Good god!  That David Kenny guy just extends his hand and a swarm of star-studded digerati steps into his Weather (Audience) Company cocoon.   Fox News’ digital ad vet Jeremy Steinberg is the latest Kenny addition (Steinberg talking “audience” on AdExchanger last Jan.).  His new title is SVP, digital ad sales at The Weather Company (fka “The Weather Channel”).   Steinberg will also run his new company’s increasing programmatic efforts. In Adweek, Curt Hecht, chief global revenue officer of The Weather Company, talks about his latest direct report – read it.  Fox News contributor Karl Rove has told insiders that he believes Steinberg is staying.

Your Stack, My Algos

On All Things D, the opinions were flying yesterday.  Digital, enfant terrible and Mediaocean CEO Bill Wise sends a hatchet Google-way seeing mediocrity ahead with Google’s tech stack.  Wise concludes with a bit of veiled self-interest, “… the marketing community really needs to ask if Google is the best business to provide the end-to-end tech stack that marketers want.

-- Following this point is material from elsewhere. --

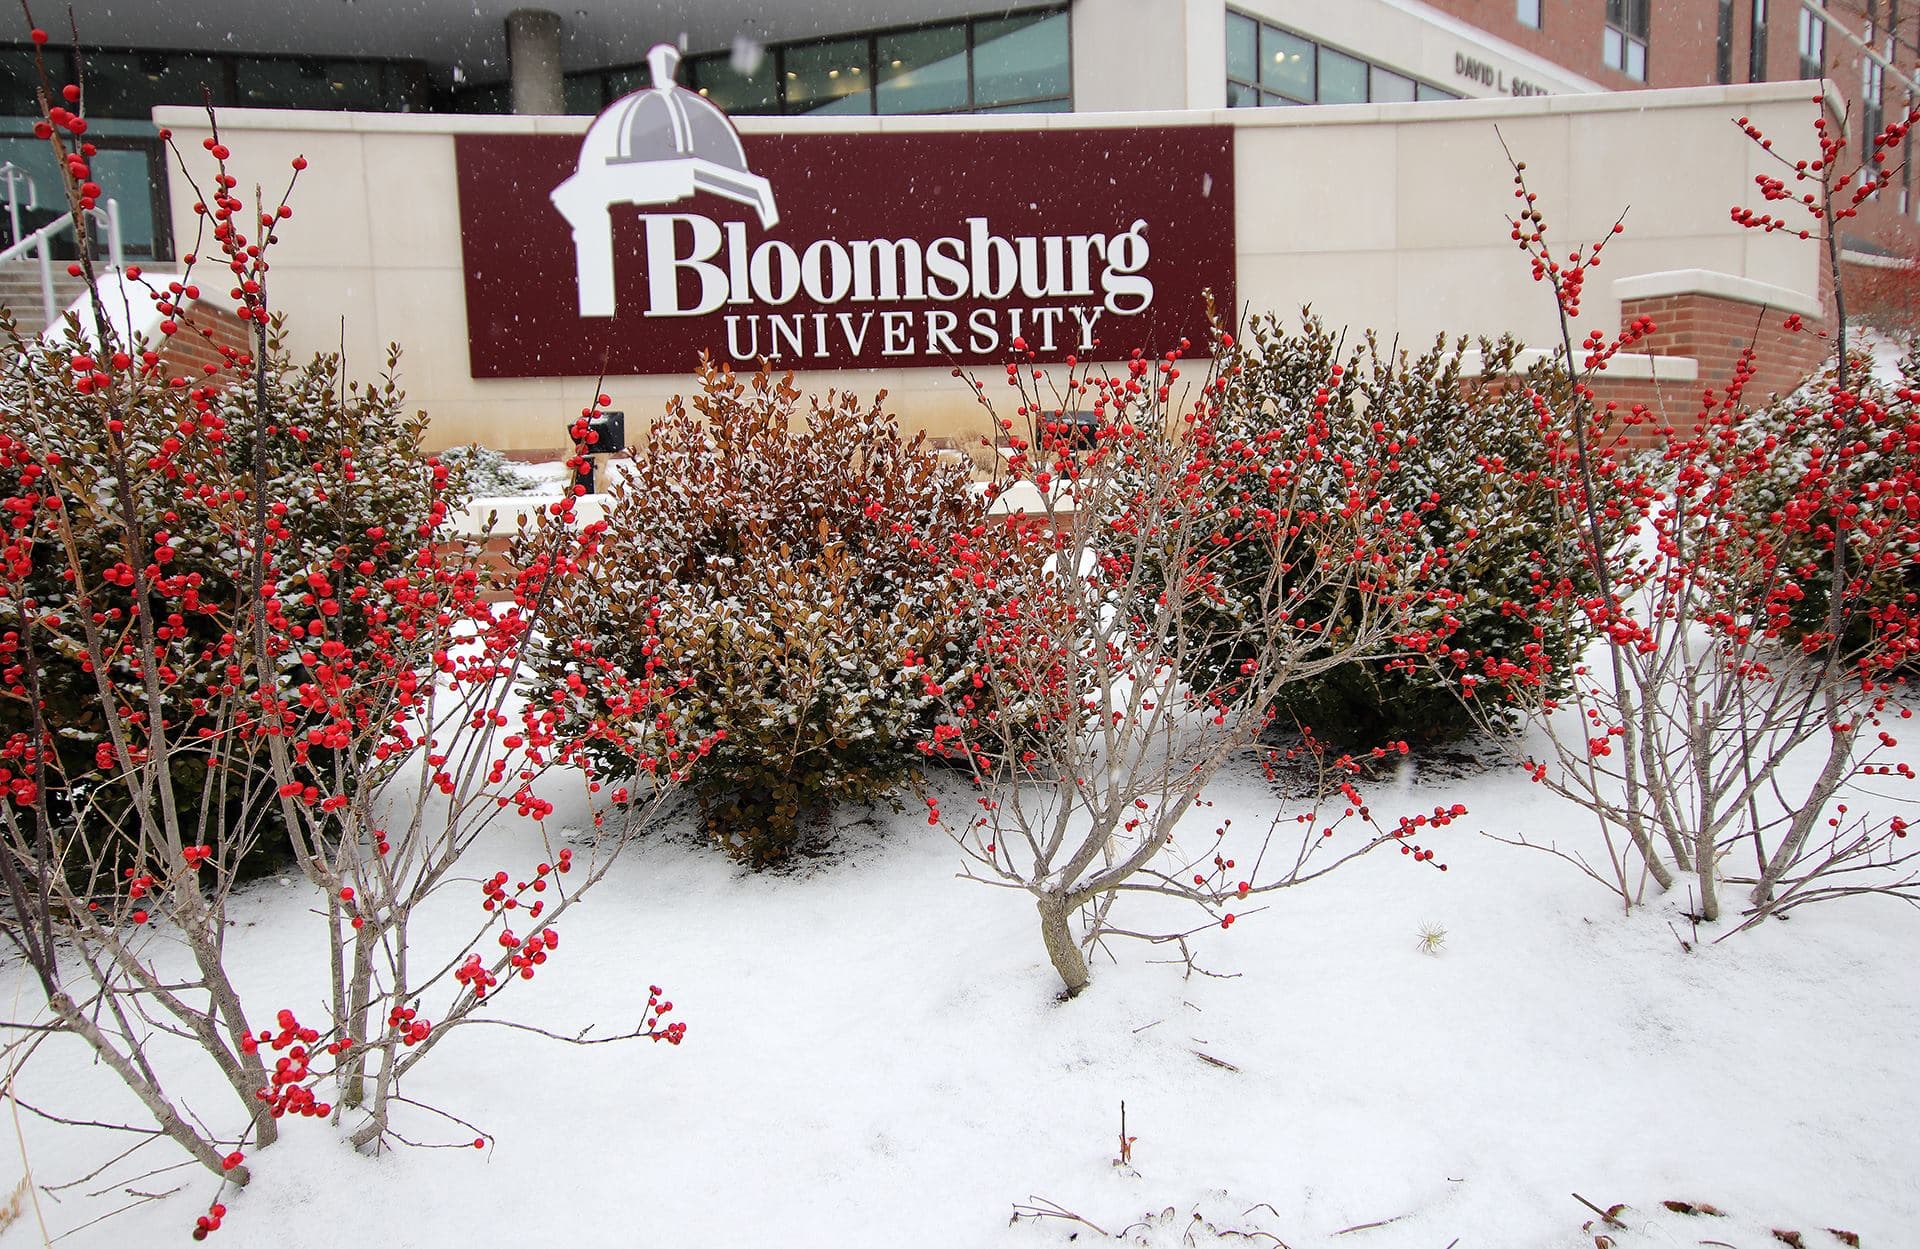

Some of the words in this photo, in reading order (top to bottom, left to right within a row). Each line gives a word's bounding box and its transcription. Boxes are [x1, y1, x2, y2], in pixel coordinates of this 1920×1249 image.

For Google’s tech stack competitors which don’t have ad inventory to sell (Adobe, for example), the chief reason to create a tech stack is to provide marketers with a suite of useful, integrated products, and to make money in the process. That’s a setup for a win-win (pending good execution, of course).” Adobe buys Mediaocean – you heard it here first! Read more.  And, in an unrelated piece, Rocket Fuel CTO Mark Torrance kicks targeting data to the curb: “If I were told I had to either give up all the third-party data I might use, or give up my use of algorithms, I would give up the data in a heartbeat.” Poor data.  Algo lovers unite.